BEGIN SUPPLIED DATA

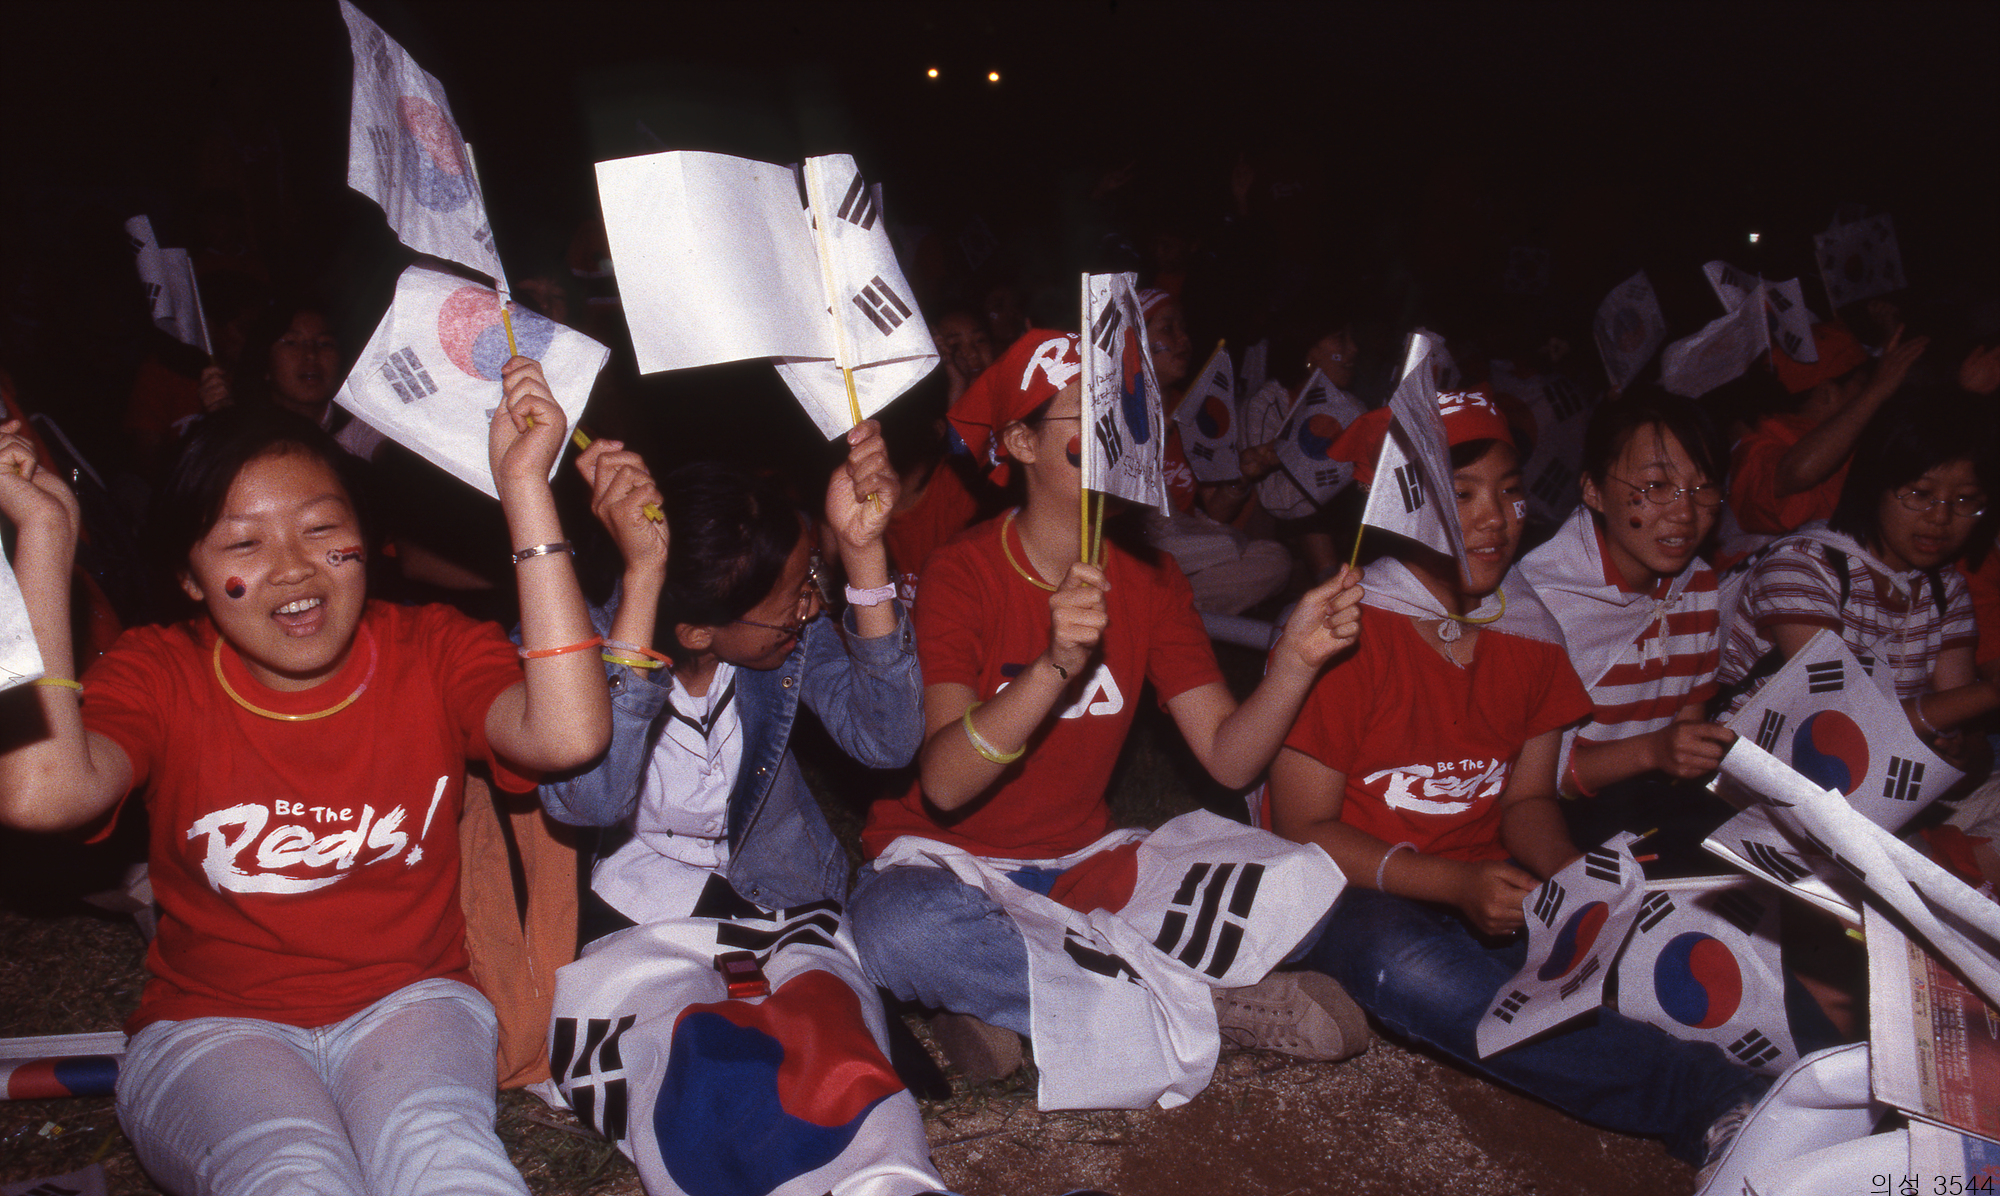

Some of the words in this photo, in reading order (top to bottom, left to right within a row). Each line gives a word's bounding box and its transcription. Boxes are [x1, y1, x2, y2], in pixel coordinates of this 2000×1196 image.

[1437, 761, 1454, 773] Be
[1459, 758, 1485, 771] The
[275, 799, 305, 817] Be
[309, 805, 354, 824] The
[186, 775, 449, 895] Reds!
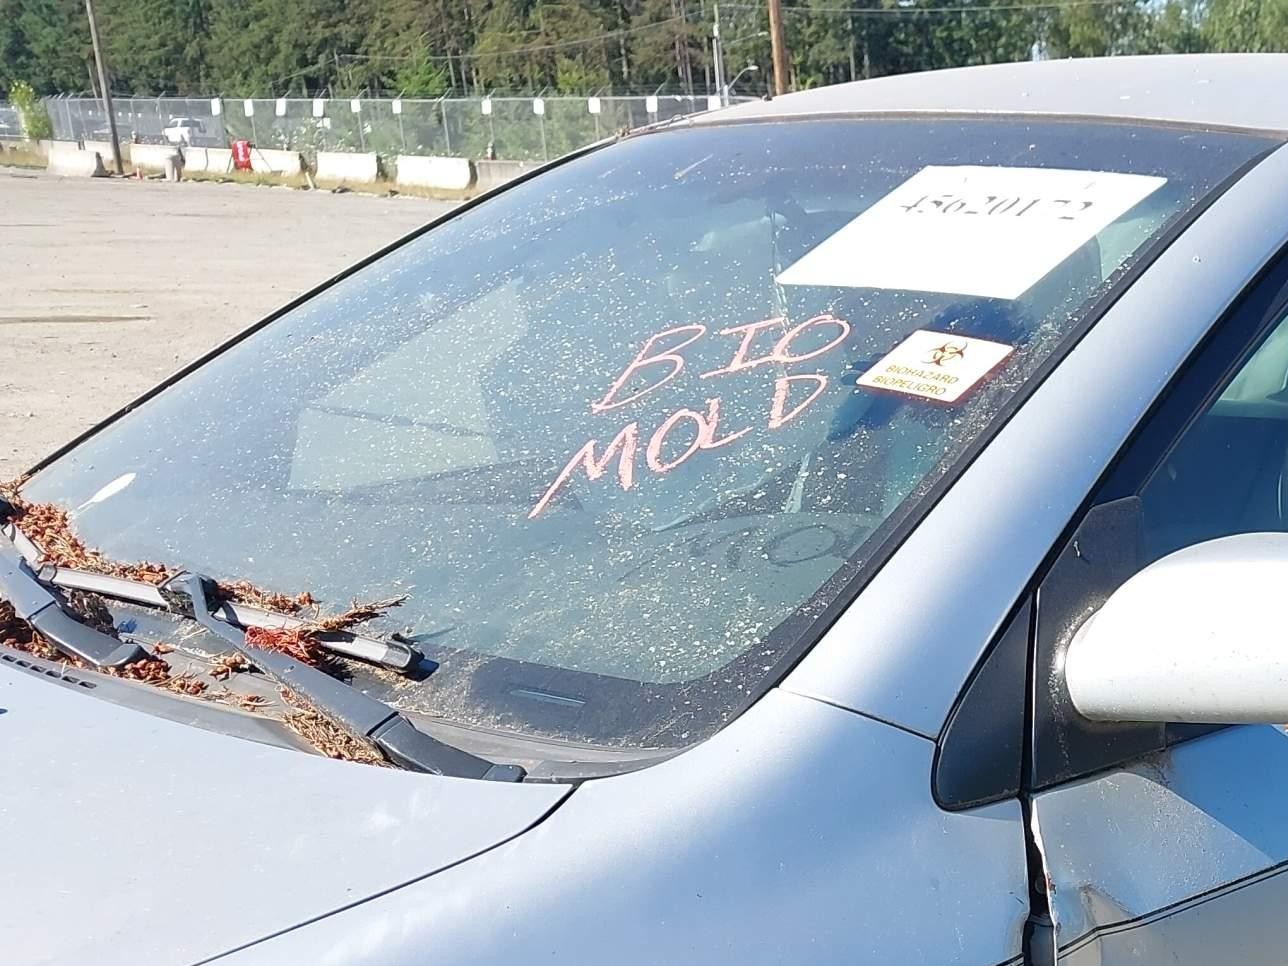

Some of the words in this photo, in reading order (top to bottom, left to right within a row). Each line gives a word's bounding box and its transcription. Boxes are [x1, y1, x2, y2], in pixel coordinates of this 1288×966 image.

END SUPPLIED DATA

EXERCISE DIRECTIONS :: Your answer must be an exact copy of the records, with every picture left out.

YOUR RESPONSE ::
Some of the words in this photo, in reading order (top to bottom, left to right within a row). Each line gives a word's bounding box and its transcription. Boxes are [x1, y1, x2, y2], in pixel coordinates of this 2000×1196 image.

[1437, 761, 1454, 773] Be
[1459, 758, 1485, 771] The
[275, 799, 305, 817] Be
[309, 805, 354, 824] The
[186, 775, 449, 895] Reds!

Some of the words in this photo, in reading order (top to bottom, left to right within a row). Each line gives a word's bounding box and its transcription. Boxes are [x1, y1, x2, y2], in pixel coordinates of this 1288×966 image.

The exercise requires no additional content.